When the practice is framed as “this is a validated intervention that aligns your energy field,” it risks misleading patients about what’s known and unknown. If instead it’s framed honestly “I’m going to stay with you for a few minutes and guide you through some relaxation while I stand near you; some people find the ritual comforting” then at least the energy metaphysics are not being sold as established fact.
The educator’s dilemma
Nurse educators are often caught in the middle. Some were trained when therapeutic touch was widely promoted, and they may still feel loyal to mentors who championed it. Others are fully aware of the weak evidence and worry about teaching something that doesn’t hold up scientifically.
The result can be an awkward compromise:
- TT presented in a lecture as “controversial but still in the taxonomy.”
- Assignments that ask students to “explore energy-based therapies” without robust critical appraisal.
- Exam questions that reward memorizing the NANDA definition of “imbalanced energy field,” even if students privately think it sounds like something from a fantasy novel.
Over time, this sends a mixed message: we say nursing is evidence-based, but we also implicitly endorse concepts that would never pass muster in medicine, pharmacy, or physical therapy curricula.
How skeptical nurses actually navigate this
Many skeptical nurses already quietly handle the situation in pragmatic ways:
- They avoid using “imbalanced energy field” unless forced by templates, preferring more concrete diagnoses.
- They reframe “therapeutic touch” as simply spending calm, focused time with patients.
- They gently steer conversations with students toward critical thinking: “What would we need to see in a good study to believe this works?”
These everyday acts of quiet skepticism are part of how professions evolve.
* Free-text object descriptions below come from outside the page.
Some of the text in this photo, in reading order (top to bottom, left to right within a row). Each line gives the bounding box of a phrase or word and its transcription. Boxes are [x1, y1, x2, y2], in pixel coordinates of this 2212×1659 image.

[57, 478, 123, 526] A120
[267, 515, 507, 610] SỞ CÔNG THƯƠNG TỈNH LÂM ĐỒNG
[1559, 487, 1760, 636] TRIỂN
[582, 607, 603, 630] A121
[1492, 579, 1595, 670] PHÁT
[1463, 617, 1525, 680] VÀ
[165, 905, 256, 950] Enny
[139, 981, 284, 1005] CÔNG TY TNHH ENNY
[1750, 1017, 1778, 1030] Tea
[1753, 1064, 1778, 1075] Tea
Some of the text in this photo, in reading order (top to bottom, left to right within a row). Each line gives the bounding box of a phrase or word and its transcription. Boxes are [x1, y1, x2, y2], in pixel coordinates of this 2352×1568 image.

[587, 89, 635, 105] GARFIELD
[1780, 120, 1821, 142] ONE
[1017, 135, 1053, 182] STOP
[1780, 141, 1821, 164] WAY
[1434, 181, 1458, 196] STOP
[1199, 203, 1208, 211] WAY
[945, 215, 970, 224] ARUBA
But they would be greatly helped by institutional backup: updated taxonomies, clearer guidance from professional organizations, and curricular reforms that make it explicit that TT and energy-field diagnoses are not on the same footing as oxygen therapy or insulin.
Moving from awkward coexistence to honest clarity
The long, slow unwinding of therapeutic touch from mainstream nursing will require courage: the courage to admit we got excited about an idea that doesn’t really work, the courage to revise textbooks, and the courage to tell patients, “We don’t do that here because we focus on what we know truly helps.”
That kind of honesty doesn’t diminish nursing’s holistic nature. If anything, it strengthens it. When nurses choose to let go of practices like therapeutic touch and diagnoses like “imbalanced energy field,” they’re not abandoning compassion; they’re choosing to align their care with reality. And that’s the most powerful field any health profession can stand in.